- **MATERIAL PROVIDED**
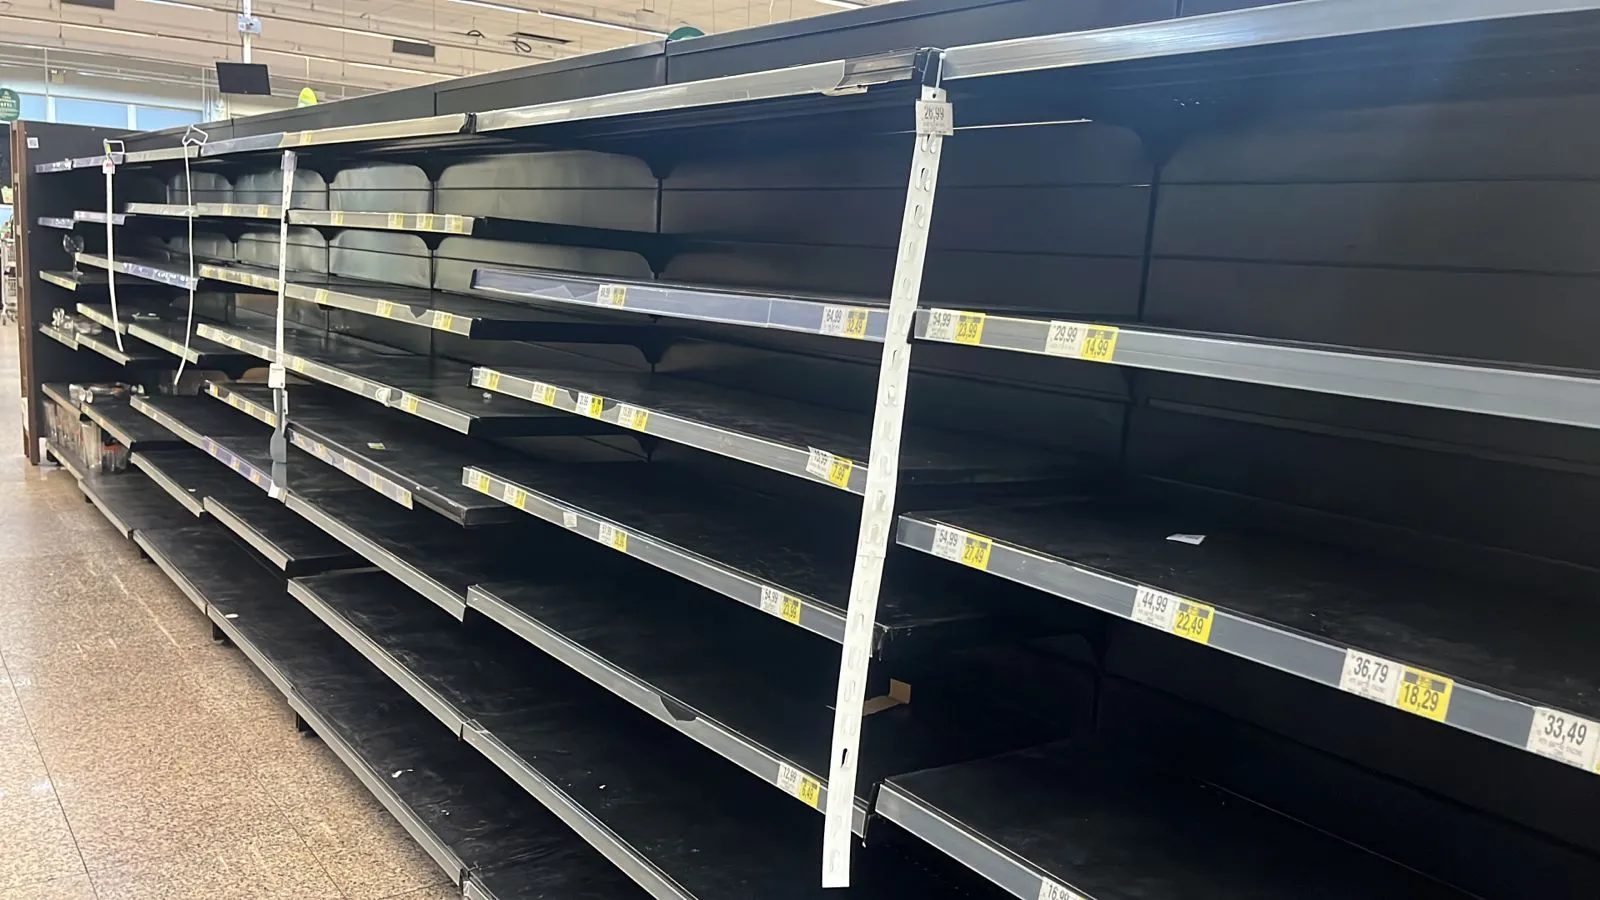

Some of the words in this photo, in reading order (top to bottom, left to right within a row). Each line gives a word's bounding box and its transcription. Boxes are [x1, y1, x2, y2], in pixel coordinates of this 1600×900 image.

[932, 312, 952, 328] 54,99
[957, 322, 978, 339] 23,99
[1054, 325, 1077, 343] 29,99
[1084, 338, 1109, 357] 14,99
[938, 528, 959, 547] 54,99
[963, 543, 985, 563] 27,49
[1141, 591, 1168, 613] 44,99
[1176, 612, 1204, 635] 22,49
[1353, 656, 1389, 684] 36,79
[1403, 683, 1439, 712] 18,29
[1544, 714, 1588, 746] 33,49
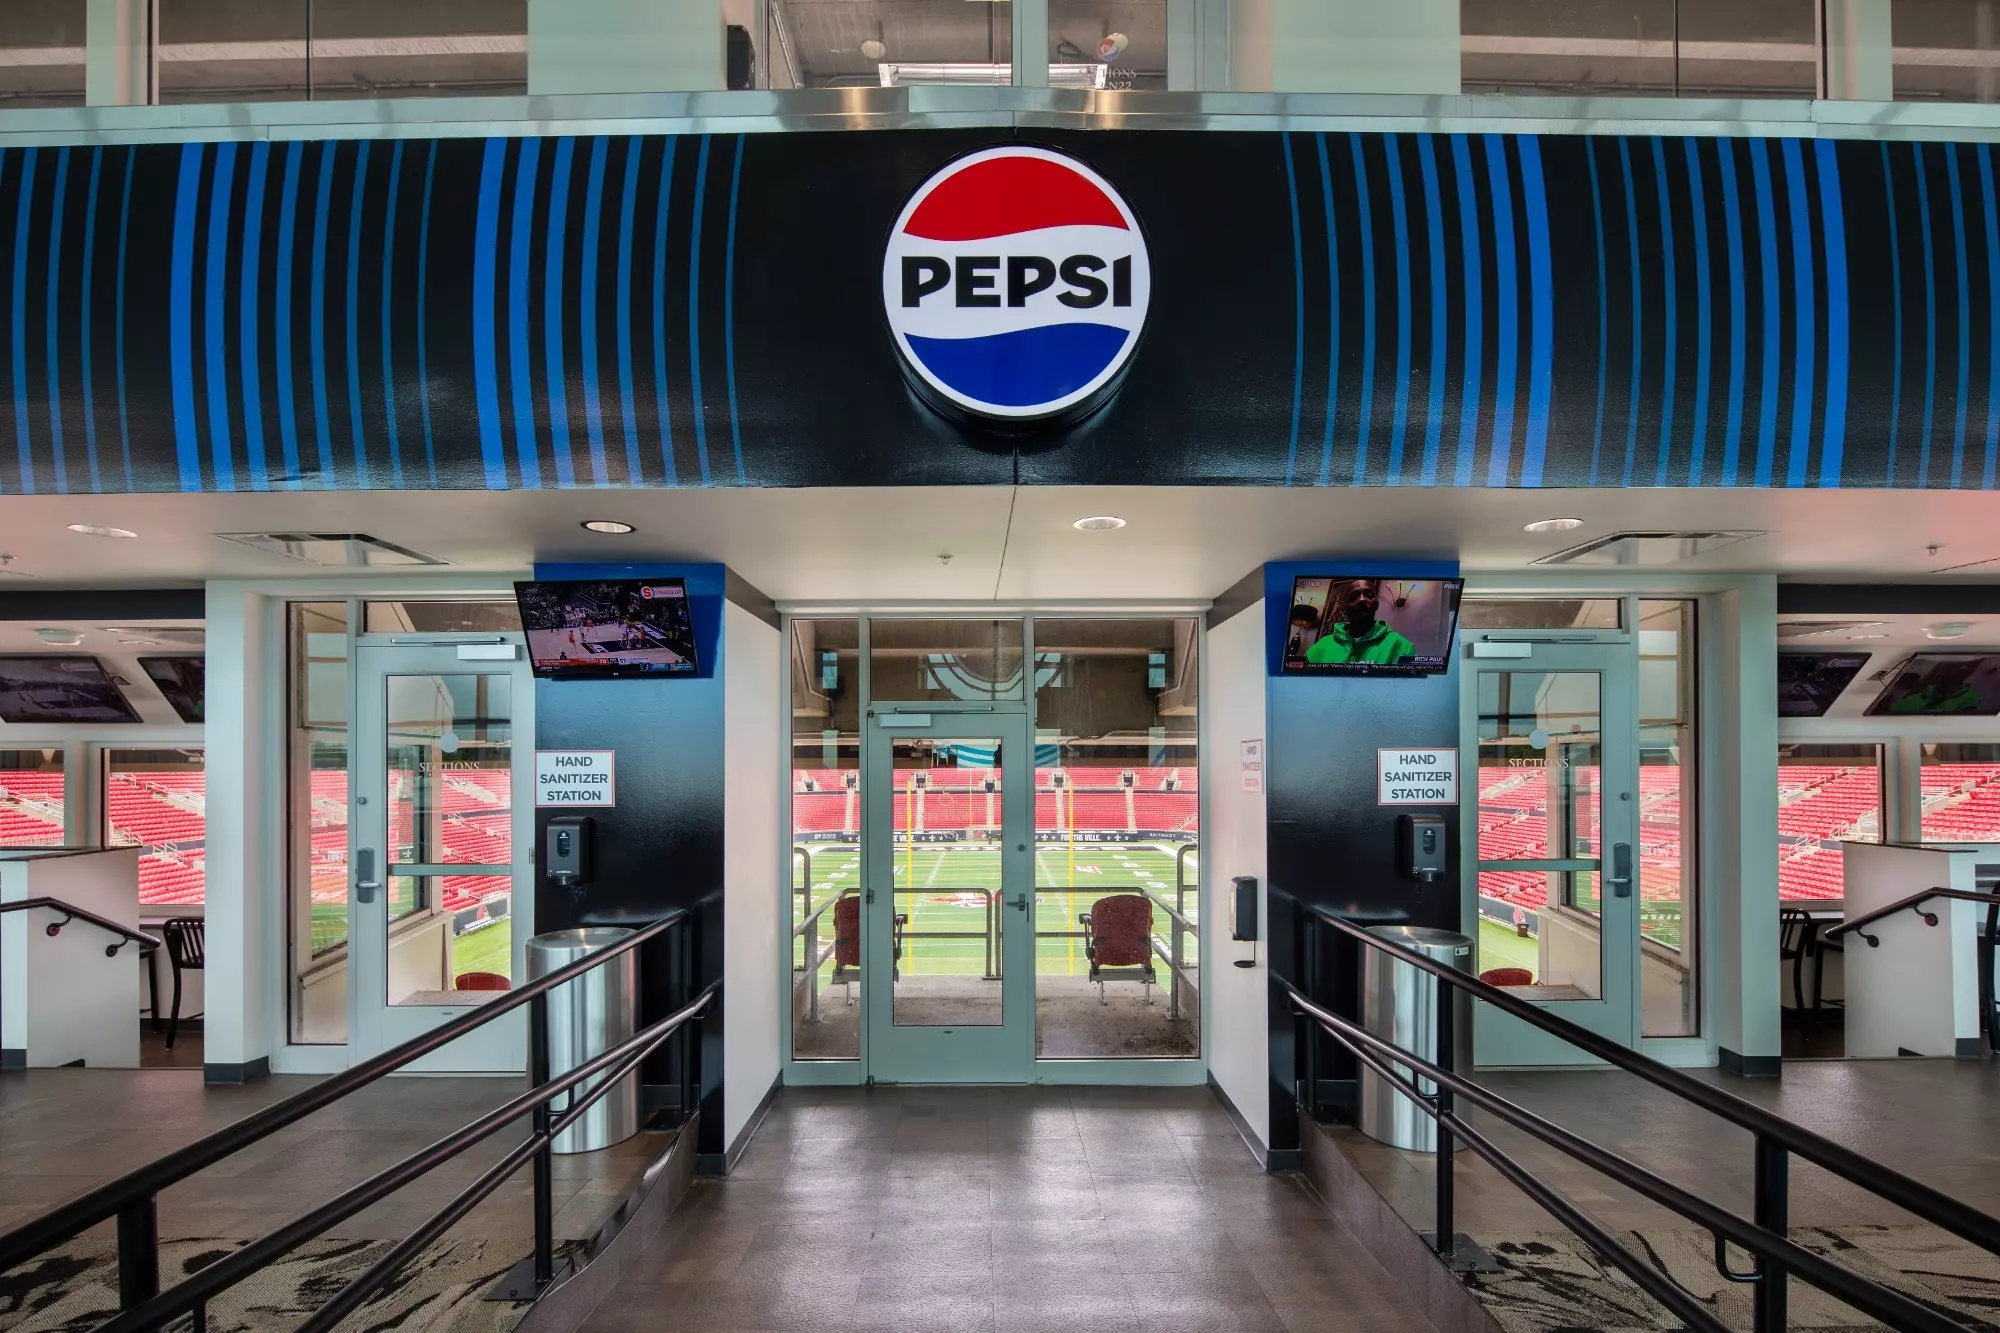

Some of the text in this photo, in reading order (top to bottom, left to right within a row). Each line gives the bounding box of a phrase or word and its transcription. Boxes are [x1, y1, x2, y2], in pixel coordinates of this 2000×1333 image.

[901, 254, 1132, 309] PEPSI
[555, 756, 593, 767] HAND
[1399, 754, 1436, 765] HAND
[1508, 758, 1569, 769] SECTIONS
[419, 762, 480, 772] SECTIONS
[540, 773, 608, 784] SANITIZER
[1384, 771, 1452, 782] SANITIZER
[547, 790, 601, 801] STATION
[1391, 788, 1445, 799] STATION

- **TASK DESCRIPTION**
With the pictures removed, write the listing out word for word.

- **ANSWER FOR THE TASK**
Some of the words in this photo, in reading order (top to bottom, left to right within a row). Each line gives a word's bounding box and its transcription. Boxes are [x1, y1, x2, y2], in pixel coordinates of this 1600×900 image.

[932, 312, 952, 328] 54,99
[957, 322, 978, 339] 23,99
[1054, 325, 1077, 343] 29,99
[1084, 338, 1109, 357] 14,99
[938, 528, 959, 547] 54,99
[963, 543, 985, 563] 27,49
[1141, 591, 1168, 613] 44,99
[1176, 612, 1204, 635] 22,49
[1353, 656, 1389, 684] 36,79
[1403, 683, 1439, 712] 18,29
[1544, 714, 1588, 746] 33,49

Some of the text in this photo, in reading order (top to bottom, left to right within a row). Each line gives the bounding box of a phrase or word and its transcription. Boxes are [x1, y1, x2, y2], in pixel coordinates of this 2000×1333 image.

[901, 254, 1132, 309] PEPSI
[555, 756, 593, 767] HAND
[1399, 754, 1436, 765] HAND
[1508, 758, 1569, 769] SECTIONS
[419, 762, 480, 772] SECTIONS
[540, 773, 608, 784] SANITIZER
[1384, 771, 1452, 782] SANITIZER
[547, 790, 601, 801] STATION
[1391, 788, 1445, 799] STATION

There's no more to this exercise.